The real Muslim is scruffy. A credible Muslim
can only be inarticulate, someone who requires an intermediary to ‘explain’
their anger, invariably through the prism of leftist ideological dogma. And if
a Muslim does speaks for themselves, they must only do so when full of rage,
obviously.
How patronizing.
As another blogger accurately noted in response, the problem begins
when journalists and others seek out “community representatives,” or “credible
Muslim voices” to fit into convenient boxes. This relies on so many assumptions
that it is hard to know where to begin. Not all Muslims wish to express
themselves in public through a communal religious identity. Identities are
multiple, and some may wish to speak instead just as citizens in their
professional capacity, through their political party, or their neighborhood
body.
Those Muslims who do speak through their communal religious identity are
not homogenous. This particularly holds true because majoritarian Islam has no
organized clergy, and no pope. The question of religious “representation” becomes
particularly difficult to achieve as a result. And in its most extreme sense it
is undesirable anyway, leading logically to nothing but ISIS-style bloodshed
and theocracy. Muslim “credibility” is just as flimsy an idea to pursue
doggedly. In fact, this is nothing but a variant of the African-American “not
black enough” theme. Who decides whose “Muslim experience” is real, and whose
is not? Is the credible Muslim only he who dresses in Arab robes, eats spicy
food and drinks cava? And yet we then worry about profiling?
The great irony is
that, unlike many of today’s champagne socialists and shisha-jihadists my
entire life has been a prototype of their archetypal aggrieved Muslim. Unlike
the Guardian’s private school, Oxbridge-educated journalist David Shariatmadari,
I am a state school-educated Muslim and racial minority. I have been stabbed at
by neo-Nazis, falsely arrested at gunpoint by Essex police, expelled from
college, divorced, estranged from my child, and tortured in Egyptian prison,
and mandatorily profiled. I’ve had my DNA forcibly taken at Heathrow Airport
under Schedule 7 Laws, which deprive terror suspects of the right to silence at
UK ports of entry and exit, among much else. I’ve been blacklisted from other
countries. I am every grievance regressive leftists traditionally harp on. Yet
their first-world bourgeois brains seem to malfunction because I refuse to spew
theocratic hate, or fit their little “angry Muslim” box. Yet they talk to me
about privilege, and non-fat lattes?
There is a natural
fear among Europe’s left, that challenging Islamist extremism can only aid
Europe’s far-right. But the alternative to this fear must not be to instead
empower theocratic fascism. There is a way to both challenge those who want to
impose Islam, and those who wish to ban Islam. It has not escaped me, nor other
liberal Muslims, that while challenging Islamist extremism we must remain
attentive to protecting our civil liberties. We are born of
this struggle, after all. Over the years I have opposed past
UK government ministers on ethnic and religious profiling, opposed Obama's targeted killings and drone
strikes and opposed Senator King in the UK Parliament over his
obfuscation and justification for torture.

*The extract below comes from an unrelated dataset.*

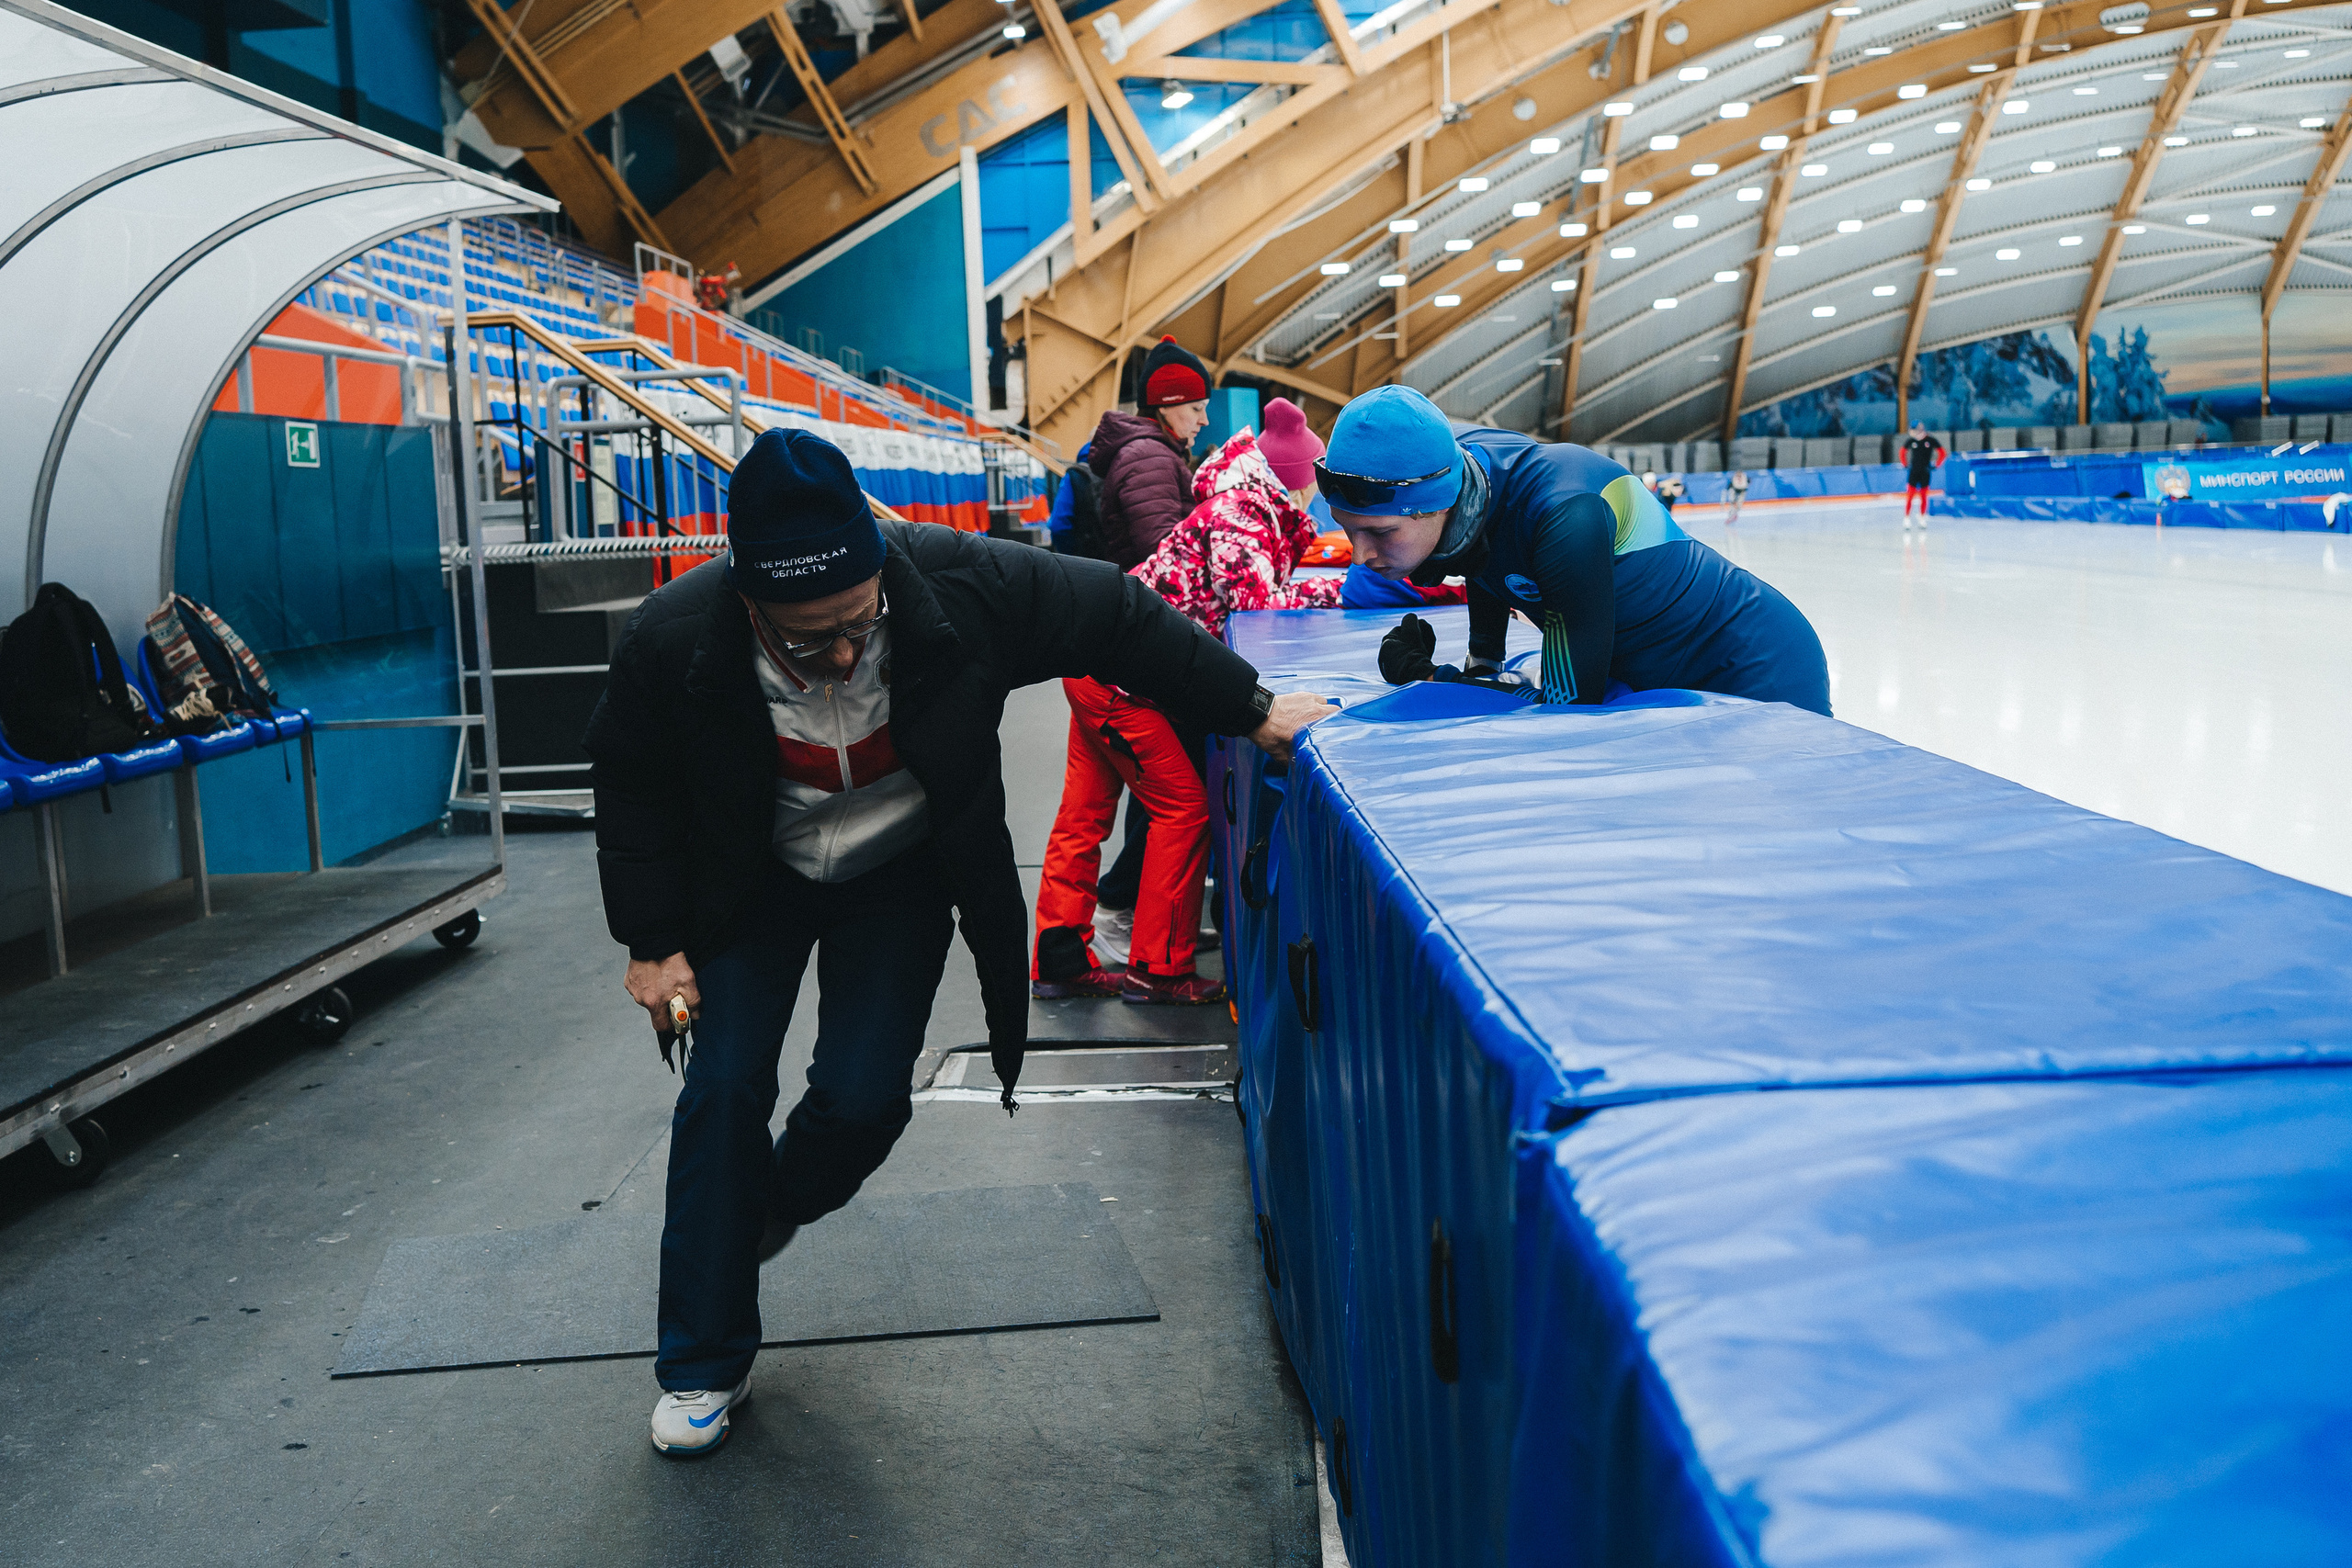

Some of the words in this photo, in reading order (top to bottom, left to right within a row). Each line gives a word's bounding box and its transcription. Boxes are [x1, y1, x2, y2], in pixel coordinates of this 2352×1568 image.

[2199, 470, 2279, 488] МИНСПОРТ
[2283, 467, 2346, 485] РОССИИ
[753, 547, 848, 569] СВЕРДЛОВСКАЯ
[772, 564, 827, 579] ОБЛАСТЬ

I have been cited by the UK PM
for my view that though Islamist extremism must be
openly challenged, non-terrorist Islamists should not be banned unless they
directly incite violence. I have spoken out against extraordinary rendition and detention without charge of terror suspects. I
have supported my political party, the Liberal Democrats, in backing a call to end Schedule 7. It is due to this
very same concern for civil liberties that I vehemently oppose Islamist
extremism and call for liberal reform within our Muslim communities, for our
Muslim communities. We believe civil liberties cut both ways, for and uponminority
communities, and it is due to this same passion for human rights that my
organization Quilliam put out this anti-ISIS video only a day after the Guardian’s
unfortunate sting. We chose to let our work speak for itself.
But if the
regressive-left has its way, why worry about medieval punishments conducted in
Islam’s name, such as the lashing of Saudi bloggers like Raif Badawi? Let us not be Uncle Toms, after all.
Israel is the real enemy. Keep it real, man.